Epidemiology. 2023 Oct 2. doi: 10.1097/EDE.0000000000001680. Online ahead of print.
ABSTRACT
BACKGROUND: To meet regulatory approval, interventions must demonstrate efficacy against a primary outcome in randomized clinical trials. However, when there are multiple clinically relevant outcomes, selecting a single primary outcome is challenging. Incorporating data from multiple outcomes may increase statistical power in clinical trials. We examined methods for analyzing data on multiple endpoints, inspired by real-world trials of interventions against respiratory syncytial virus (RSV).
METHOD: We developed a novel permutation test representing a weighted average of individual outcome test statistics (wavP) to evaluate intervention efficacy in a multiple-endpoint analysis. We compared the power and type I error rate of this approach to the Bonferroni correction (bonfT) and the minP permutation test. We evaluated the different approaches using simulated data from three hypothetical trials varying the intervention efficacy, correlation, and incidence of the outcomes, as well as data from a real-world RSV clinical trial.
RESULTS: When the vaccine efficacy against different outcomes was similar, wavP yielded higher power than bonfT and minP; in some scenarios the improvement in power was substantial. In settings where vaccine efficacy was notably larger against one endpoint compared to the others, all three methods had similar power.

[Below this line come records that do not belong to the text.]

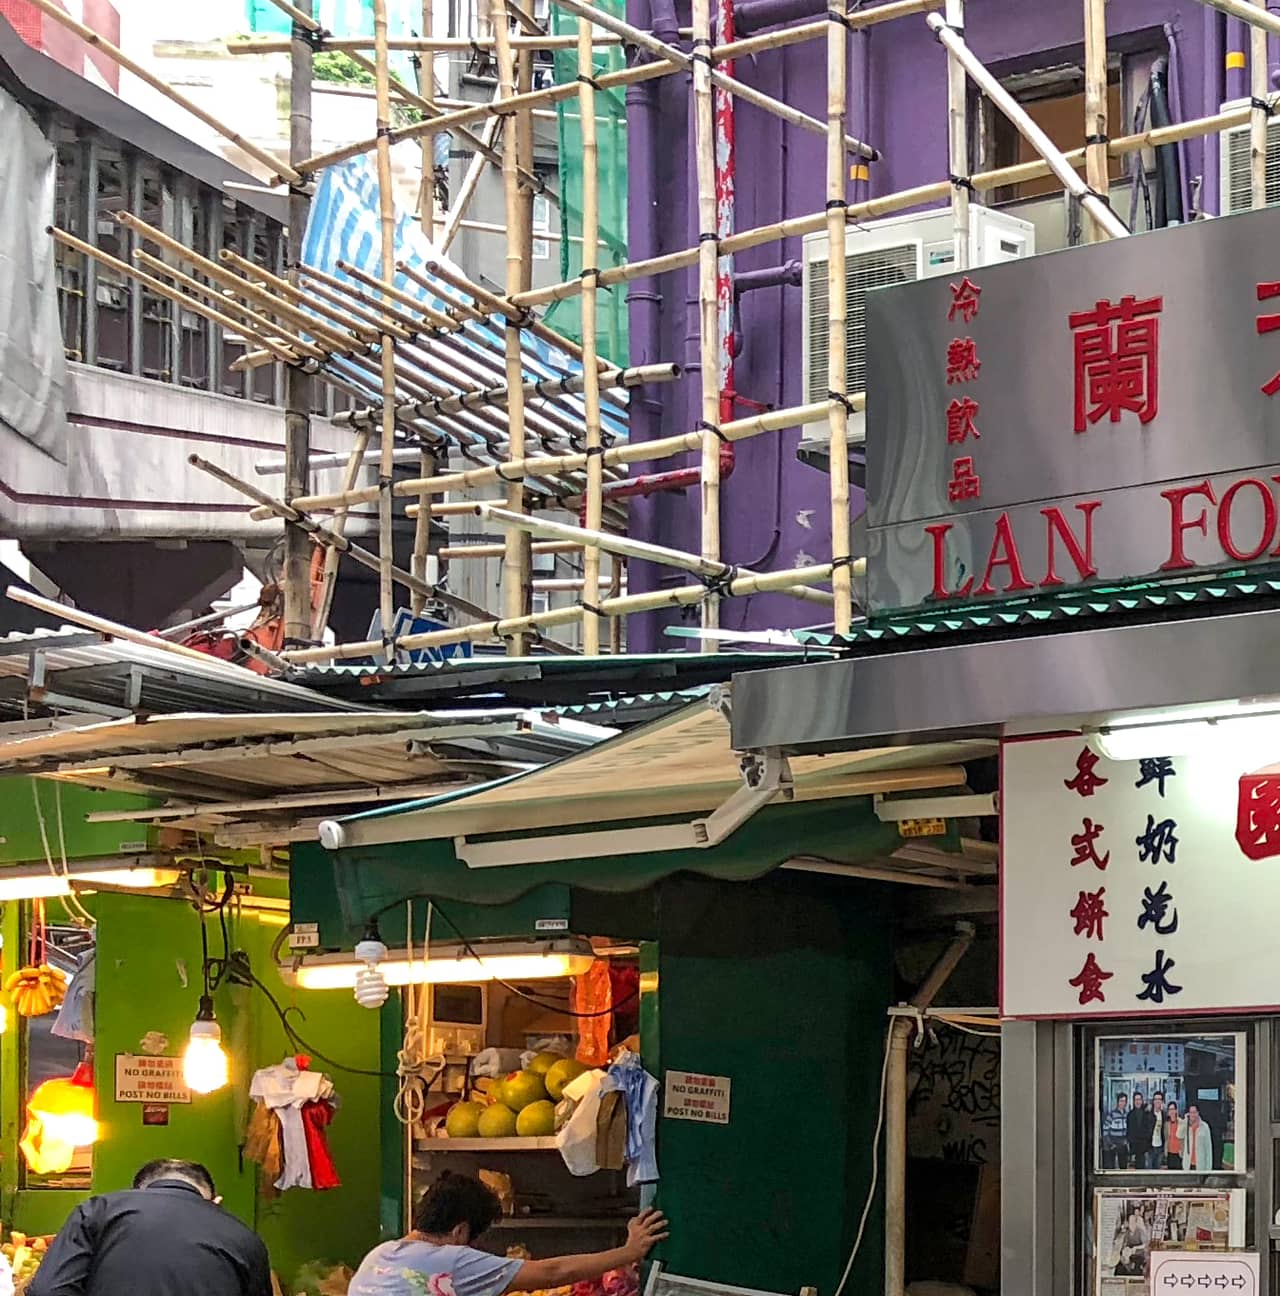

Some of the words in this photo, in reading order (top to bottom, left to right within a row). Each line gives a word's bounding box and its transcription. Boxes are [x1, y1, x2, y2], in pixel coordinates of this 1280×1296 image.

[944, 274, 984, 503] 冷熱飲品
[924, 500, 1103, 600] LAN
[1063, 744, 1114, 1006] 各式餅食
[124, 1068, 140, 1077] NO
[119, 1090, 145, 1099] POST
[146, 1091, 161, 1099] NO
[163, 1091, 188, 1100] BILLS
[672, 1084, 686, 1093] NO
[688, 1086, 725, 1097] GRAFFITI
[667, 1106, 689, 1116] POST
[690, 1109, 704, 1117] NO
[705, 1110, 727, 1120] BILLS

We developed an R package, PERMEATE, to guide selection of the most appropriate method for analyzing multiple endpoints in clinical trials.
CONCLUSIONS: Analyzing multiple endpoints using a weighted permutation method can increase power while controlling the type I error rate compared to established methods under conditions mirroring real-world RSV clinical trials.
PMID:37793120 | DOI:10.1097/EDE.0000000000001680